CXXFLAGS="${COMMON_FLAGS} -flto=thin"
FCFLAGS="${COMMON_FLAGS}"
FFLAGS="${COMMON_FLAGS}"

There’s some other fun flags that might be worth passing in to mold (read the man page) but I’m not doing any of that.

Ok so now we need a couple fallbacks for the things that break.

First, the obligatory “compiler-gcc” env:

CC="gcc"
CXX="g++"
AR="${CHOST}-ar"
NM="${CHOST}-nm"
RANLIB="${CHOST}-ranlib"

COMMON_FLAGS="-O2 -mcpu=cortex-a55 -fomit-frame-pointer -pipe"
CFLAGS="${COMMON_FLAGS}"
CXXFLAGS="${COMMON_FLAGS}"
FCFLAGS="${COMMON_FLAGS}"
FFLAGS="${COMMON_FLAGS}"
LDFLAGS="${OLDLDFLAGS} -B/usr/libexec/mold"

Notice this one is still using mold. I haven’t run into any packages yet that need the combo of GCC+Not Mold. Everything I’ve compiled has worked with either

clang + mold
clang + lld
gcc + mold

To that end, here’s clang-without-mold:

LDFLAGS="${OLDLDFLAGS} -fuse-ld=lld -rtlib=compiler-rt -unwindlib=libunwind -Wl,-O2 -Wl,--as-needed"

Now, here’s the exceptions that I have in those two.

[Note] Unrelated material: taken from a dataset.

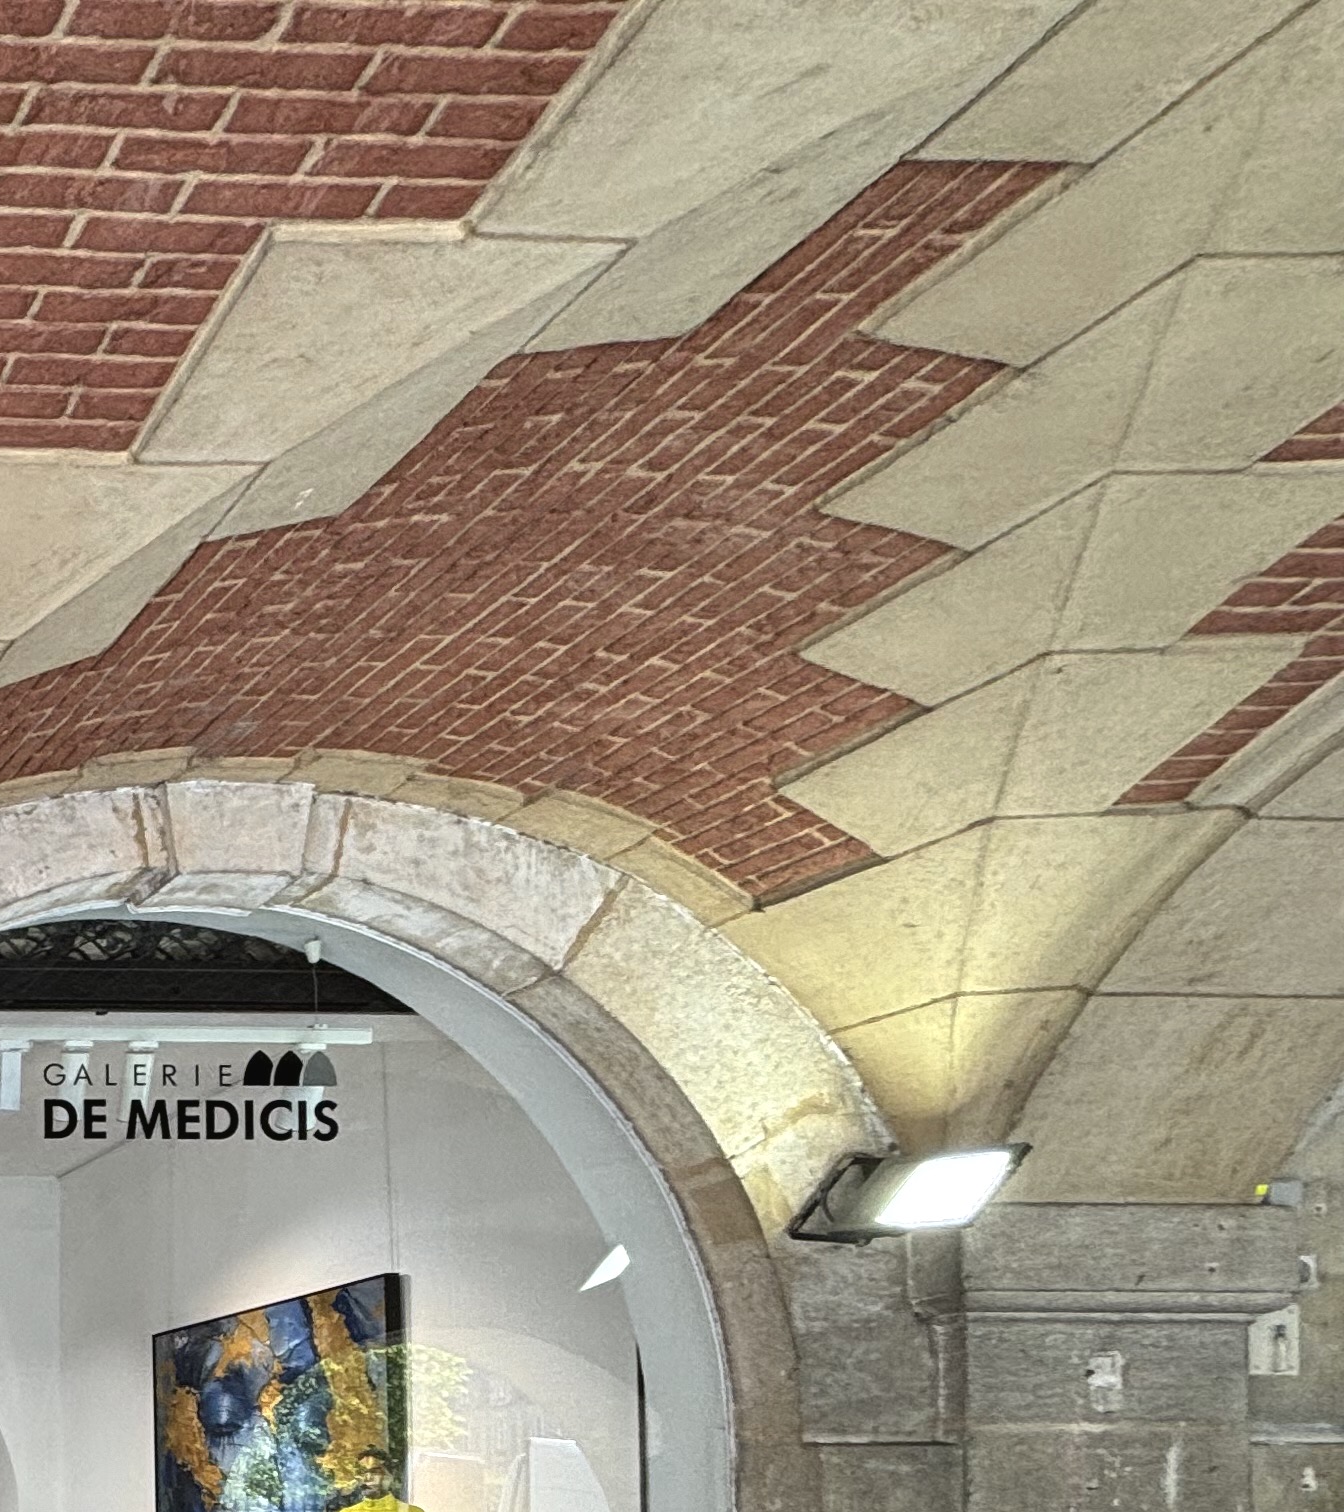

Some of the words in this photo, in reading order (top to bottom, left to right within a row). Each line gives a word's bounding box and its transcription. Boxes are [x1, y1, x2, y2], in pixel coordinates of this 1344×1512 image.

First, the things I have using gcc:

dev-libs/boost compiler-gcc # everything seems to claim that this is supposed to work so im not sure why its not
sys-devel/gcc compiler-gcc
sci-libs/fftw compiler-gcc # broken for uhhh reasons? this could use clang, its just passing flto=thin to fortran for some reason. also doesnt like mold flags because it uses gnu ld regardless
media-libs/rubberband compiler-gcc # depends on boost, mangling is wrong with clang
dev-util/systemtap compiler-gcc # tapsets.cxx:68:17: error: expected namespace name using namespace __gnu_cxx;
sys-apps/plocate compiler-gcc
dev-java/snappy compiler-gcc # complains about linking libc++ after building with -fPIC, maybe we need to rebuild libc++ with fPIC, but nothing else has complained so idk
sys-devel/binutils compiler-gcc # need to use gcc AR for pgo/lto
games-emulation/mgba compiler-gcc

And here’s what I have using clang with lld:

dev-lang/ruby clang-without-mold    # configure: error: something wrong with LDFLAGS="-Wl,-O1 -Wl,--as-needed -fuse-ld=mold -rtlib=compiler-rt -unwindlib=libunwind -Wl,-O2 -Wl,--as-needed"
x11-libs/cairo clang-without-mold    # cairo can't link with pthread for some reason. i saw imagemagick do it just fine though.
app-emulation/qemu clang-without-mold # sizeof(size_t) doesn't match GLIB_SIZEOF_SIZE_T.
dev-libs/libtomcrypt clang-without-mold # links a file with $CC, then links another file with gcc. ????? might be able to fix with an env that uses -B instead of -fuse-ld for clang too
sys-libs/compiler-rt clang-without-mold


dev-util/cmake clang-without-mold # The C++ compiler does not support C++11 (e.g.  std::unique_ptr).
media-libs/lcms clang-without-mold
net-dns/bind-tools clang-without-mold
dev-util/glslang clang-without-mold
media-libs/mesa clang-without-mold # silent error

A few caveats here. First, some of these packages I compiled a number of mold releases ago and might work now. Secondly, some of the things I’ve switched to GCC might actually be working around LTO-related bugs instead of clang-related bugs. I don’t have a clang-without-thinlto environment, because I haven’t felt like setting one up and adding another variation to try out. But bear that in mind, I highly suspect that turning off thin LTO would have solved a number of them.

Compilation Performance

Honestly, it’s not enough that I’d do it again. I don’t think mold’s to blame here- it’s more just the nature of LTO as far as I can tell. mold will initially use all cores, but for almost everything it very quickly falls down to only using one core for a very long time. This feels very much to me like the LTO step, and for now mold is at the whims of llvm’s LTO plugin in that regard. But if you’re into weird toolchains or you’re not using LTO, I’d say maybe give it a go.